Posted on 17 June 2017 by Luke Jones

With the Orioles scoring a season-high total of runs in a 15-7 win over the St. Louis Cardinals, I’ve offered a dozen thoughts, each in 50 words or less:

1. The Orioles lineup took out some frustration by scoring nine runs over the first two innings and producing their highest single-game total since Aug. 16, 2015. With Baltimore scoring 10 or more runs twice in the last four games, you hope it’s the start of some extended prosperity.

2. Jonathan Schoop continues to be one of the club’s best players as he homered twice and tied a career high with four hits. He’s struggled defensively as an error led to a run in the first, but his .888 on-base plus slugging percentage is easily a career high thus far.

3. Even with 15 runs, Buck Showalter was forced to use his best two active relievers to record the final 10 outs after St. Louis had cut the deficit to five and loaded the bases with two outs in the sixth. The current state of this bullpen is frightening.

4. Mychal Givens cleaned up the mess created by others and calmed down a suddenly-uncomfortable situation with a strikeout of Eric Fryer to end the top of the sixth. He would throw a career-high 42 pitches in completing 2 1/3 scoreless innings. That was critical work.

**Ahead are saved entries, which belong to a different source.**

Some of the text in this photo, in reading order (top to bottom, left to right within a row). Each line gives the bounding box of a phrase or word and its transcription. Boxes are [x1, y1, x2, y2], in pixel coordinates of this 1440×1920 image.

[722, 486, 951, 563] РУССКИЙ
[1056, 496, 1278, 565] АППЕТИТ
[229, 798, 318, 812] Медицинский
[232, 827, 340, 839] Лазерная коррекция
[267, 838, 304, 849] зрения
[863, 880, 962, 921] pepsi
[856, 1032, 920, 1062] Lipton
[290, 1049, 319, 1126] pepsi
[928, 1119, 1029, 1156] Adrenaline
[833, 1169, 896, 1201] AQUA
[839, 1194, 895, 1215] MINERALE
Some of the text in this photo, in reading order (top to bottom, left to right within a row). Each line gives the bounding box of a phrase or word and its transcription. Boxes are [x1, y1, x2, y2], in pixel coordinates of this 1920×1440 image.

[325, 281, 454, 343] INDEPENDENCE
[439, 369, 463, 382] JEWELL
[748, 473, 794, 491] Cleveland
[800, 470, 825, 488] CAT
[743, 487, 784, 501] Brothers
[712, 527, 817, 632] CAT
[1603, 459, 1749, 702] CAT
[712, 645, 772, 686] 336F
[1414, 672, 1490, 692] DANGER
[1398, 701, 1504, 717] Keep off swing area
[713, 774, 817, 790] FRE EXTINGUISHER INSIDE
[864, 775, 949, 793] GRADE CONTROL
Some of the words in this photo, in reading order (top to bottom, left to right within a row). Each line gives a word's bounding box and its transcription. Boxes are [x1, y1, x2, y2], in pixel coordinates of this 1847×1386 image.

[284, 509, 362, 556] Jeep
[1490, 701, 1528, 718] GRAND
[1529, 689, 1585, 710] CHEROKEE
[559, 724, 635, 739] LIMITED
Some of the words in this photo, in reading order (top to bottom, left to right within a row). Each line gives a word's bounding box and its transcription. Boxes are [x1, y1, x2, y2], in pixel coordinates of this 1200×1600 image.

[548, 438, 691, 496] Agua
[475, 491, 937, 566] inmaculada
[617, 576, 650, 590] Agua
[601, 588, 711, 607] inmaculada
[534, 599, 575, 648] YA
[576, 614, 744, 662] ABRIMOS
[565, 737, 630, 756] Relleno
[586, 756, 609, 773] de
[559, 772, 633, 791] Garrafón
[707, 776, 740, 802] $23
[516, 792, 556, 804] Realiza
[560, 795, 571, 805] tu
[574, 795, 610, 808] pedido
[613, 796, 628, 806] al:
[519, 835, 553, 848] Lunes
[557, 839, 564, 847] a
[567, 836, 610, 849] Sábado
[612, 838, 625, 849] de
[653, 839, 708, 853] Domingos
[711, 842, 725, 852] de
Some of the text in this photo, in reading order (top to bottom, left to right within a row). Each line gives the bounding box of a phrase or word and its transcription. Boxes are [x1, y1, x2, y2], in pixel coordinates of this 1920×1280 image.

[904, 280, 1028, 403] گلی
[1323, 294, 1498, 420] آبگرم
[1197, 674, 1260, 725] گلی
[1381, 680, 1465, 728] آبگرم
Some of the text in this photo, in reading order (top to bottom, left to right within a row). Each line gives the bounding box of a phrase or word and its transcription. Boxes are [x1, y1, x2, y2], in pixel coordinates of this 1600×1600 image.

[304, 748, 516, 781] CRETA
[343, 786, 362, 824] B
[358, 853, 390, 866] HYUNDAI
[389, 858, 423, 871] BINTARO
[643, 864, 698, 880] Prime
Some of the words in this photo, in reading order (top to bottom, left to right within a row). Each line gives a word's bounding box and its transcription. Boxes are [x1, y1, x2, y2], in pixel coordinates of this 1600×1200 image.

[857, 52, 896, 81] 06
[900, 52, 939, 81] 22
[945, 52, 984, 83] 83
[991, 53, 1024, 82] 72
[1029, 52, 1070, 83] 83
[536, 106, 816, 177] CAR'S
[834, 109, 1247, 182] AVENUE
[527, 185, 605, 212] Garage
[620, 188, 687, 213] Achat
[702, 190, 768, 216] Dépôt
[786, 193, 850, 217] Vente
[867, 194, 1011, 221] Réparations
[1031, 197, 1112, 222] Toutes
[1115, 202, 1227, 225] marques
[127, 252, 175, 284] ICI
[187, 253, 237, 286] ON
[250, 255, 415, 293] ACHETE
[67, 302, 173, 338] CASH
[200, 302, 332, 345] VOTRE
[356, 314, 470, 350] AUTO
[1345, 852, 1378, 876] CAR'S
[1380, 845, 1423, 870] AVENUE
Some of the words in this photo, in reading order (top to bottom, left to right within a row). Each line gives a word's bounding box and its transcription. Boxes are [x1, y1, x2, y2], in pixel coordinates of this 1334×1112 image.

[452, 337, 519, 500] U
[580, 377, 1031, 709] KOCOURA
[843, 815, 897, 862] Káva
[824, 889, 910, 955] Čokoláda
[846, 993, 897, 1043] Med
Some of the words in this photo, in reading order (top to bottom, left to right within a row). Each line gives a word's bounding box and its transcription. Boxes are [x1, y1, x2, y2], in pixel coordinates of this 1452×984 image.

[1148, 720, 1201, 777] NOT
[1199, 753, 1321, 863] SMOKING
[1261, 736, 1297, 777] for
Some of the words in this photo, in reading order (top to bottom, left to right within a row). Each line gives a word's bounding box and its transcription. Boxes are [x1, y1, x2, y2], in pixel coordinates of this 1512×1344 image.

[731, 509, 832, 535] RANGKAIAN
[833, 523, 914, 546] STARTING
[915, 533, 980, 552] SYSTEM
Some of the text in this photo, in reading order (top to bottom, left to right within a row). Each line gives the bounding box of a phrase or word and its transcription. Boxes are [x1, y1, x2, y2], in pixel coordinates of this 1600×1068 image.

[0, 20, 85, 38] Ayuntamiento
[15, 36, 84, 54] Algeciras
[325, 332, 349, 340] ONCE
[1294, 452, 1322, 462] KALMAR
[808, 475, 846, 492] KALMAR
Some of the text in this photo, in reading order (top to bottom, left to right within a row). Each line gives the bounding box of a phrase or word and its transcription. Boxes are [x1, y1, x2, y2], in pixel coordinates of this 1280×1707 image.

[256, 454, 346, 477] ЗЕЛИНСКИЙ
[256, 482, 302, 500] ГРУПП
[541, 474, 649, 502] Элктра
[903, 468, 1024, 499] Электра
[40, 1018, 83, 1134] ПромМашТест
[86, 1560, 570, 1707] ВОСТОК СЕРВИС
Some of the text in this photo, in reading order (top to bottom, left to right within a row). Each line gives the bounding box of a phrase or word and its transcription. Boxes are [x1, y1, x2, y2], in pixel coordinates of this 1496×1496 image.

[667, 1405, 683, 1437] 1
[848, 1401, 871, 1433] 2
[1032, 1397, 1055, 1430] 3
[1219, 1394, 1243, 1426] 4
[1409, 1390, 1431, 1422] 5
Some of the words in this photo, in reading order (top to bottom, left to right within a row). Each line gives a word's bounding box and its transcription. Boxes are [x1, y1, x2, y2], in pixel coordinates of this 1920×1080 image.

5. Wade Miley would have liked to have been more productive after being staked to a 9-1 lead, but the standard is so low with this rotation right now that he received a standing ovation after 5 2/3 frames. At least his outing wasn’t as awful as others we’ve seen recently?

6. Manny Machado sent a 113.2 mph missile into the Orioles bullpen for a two-run homer in the second and made a fantastic defensive play to end the top of the eighth. Yes, he has struggled in 2017, but he’s still special to watch.

7. J.J. Hardy delivered a two-run double to begin the scoring in a seven-run second and later added another RBI double. Any offense you get from the 34-year-old shortstop is a rarity at this point, but he had a strong day.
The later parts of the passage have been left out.